I have a machine (machine1) with 96 CPUs. When I submit an abaqus job directly on this machine, the calculation time is about one and a half hours. However, when I submit it to this machine (machine1) through pbs and use the same number of CPUs to calculate the same job, it takes two and a half hours. How can I solve this performance problem?
Please check the below while running without openpbs and with openpbs
- system environment variables
- application environment variable
If you could share the application batch command line used with and without the scheduler.
But,I’m sorry, I don’t know which environment variables I should check,could you give me some hints?
Please share the process of submitting jobs directly on that 96 core host, before doing that type “env” and get the enviorment variable setup and the batch command line used
Please share the script and the process of submitting job through PBS. If you are using a script , add a line “env” to that script , just before calling the batch commandline
I used a machine with 18 CPUs to calculate a job in same situation. The job was completed about half an hour faster when submitted directly or through pbs.
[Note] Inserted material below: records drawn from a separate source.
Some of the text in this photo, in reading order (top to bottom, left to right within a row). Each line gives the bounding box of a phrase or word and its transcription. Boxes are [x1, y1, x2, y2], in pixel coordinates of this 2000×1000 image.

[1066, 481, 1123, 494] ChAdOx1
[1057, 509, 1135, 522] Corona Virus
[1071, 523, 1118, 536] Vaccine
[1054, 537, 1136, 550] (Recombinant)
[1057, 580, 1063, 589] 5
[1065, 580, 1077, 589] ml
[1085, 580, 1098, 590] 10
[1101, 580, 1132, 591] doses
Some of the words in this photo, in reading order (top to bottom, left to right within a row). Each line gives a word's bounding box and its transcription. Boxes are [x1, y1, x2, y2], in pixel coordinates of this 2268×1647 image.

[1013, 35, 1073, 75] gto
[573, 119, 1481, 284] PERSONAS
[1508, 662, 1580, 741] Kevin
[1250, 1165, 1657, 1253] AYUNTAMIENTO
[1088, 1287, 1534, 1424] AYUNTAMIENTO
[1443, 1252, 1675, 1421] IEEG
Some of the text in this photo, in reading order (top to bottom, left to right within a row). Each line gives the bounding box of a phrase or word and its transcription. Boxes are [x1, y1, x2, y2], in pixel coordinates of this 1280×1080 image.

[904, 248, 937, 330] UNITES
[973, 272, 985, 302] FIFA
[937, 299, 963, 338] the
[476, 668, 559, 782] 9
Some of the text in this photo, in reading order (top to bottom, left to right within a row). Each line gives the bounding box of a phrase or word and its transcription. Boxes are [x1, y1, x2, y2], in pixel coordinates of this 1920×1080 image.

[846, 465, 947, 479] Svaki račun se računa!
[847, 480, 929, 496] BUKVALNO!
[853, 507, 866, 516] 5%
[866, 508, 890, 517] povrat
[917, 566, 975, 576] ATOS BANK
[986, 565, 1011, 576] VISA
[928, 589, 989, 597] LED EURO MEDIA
The details are as follows:
Thank you @wakaka for sharing the details.
create the below script in the /db/hq-throughpbs folder and submit the job
Plesae make relevant changes with the input file.
#PBS -N hq
#PBS -q workq
#PBS -V
#PBS -l select=1:ncpus=18
#PBS -o /db/hq-throughpbs/std.out
#PBS -e /db/hq-throughpbs/std.err
cd $PBS_O_WORKDIR
env
ls -ltr
/opt/software/abaqus/Commands/abq6144 job=hq input=hq.inp cpus=18 int
I submited the job after changed the script, but the completion time didn’t improve. The details are as follows:
Could you please try interactive console job and run the batch command line and check whether it runs quicker
qsub -V -l select=1:ncpus=18 -I -X <press enter>
computenode$: cd /db/hq-throughpbs
computenode$:/opt/software/abaqus/Commands/abq6144 job=hq cpus=18 int
My machine doesn’t support this way, but I found that the problem may be caused by shared memory pool(it’s jobs’s workdir), I calculated jobs in it. Now I want to copy jobs out to local machine from pool, after calculating, copy all results into pool, then delete results in local machine. Can any pbs comand achieve it?
Thank you very much for help.
Please check these attributes
#PBS -W sandbox=PRIVATE
#PBS –W stagein = <execution_path>@:<storage_path>
#PBS –W stageout = <execution_path>@:<storage_path
Document: https://help.altair.com/2024.1.0/PBS%20Professional/PBS2024.1.pdf
Search for : sandbox, stageout , stagein
I don’t know if I have the wrong format, but I can’t get the desired result. I set $jobdir_root in mom_priv/config of MoM, but after submitting the job, the jobdir is still not changed, and it is still in the home directory.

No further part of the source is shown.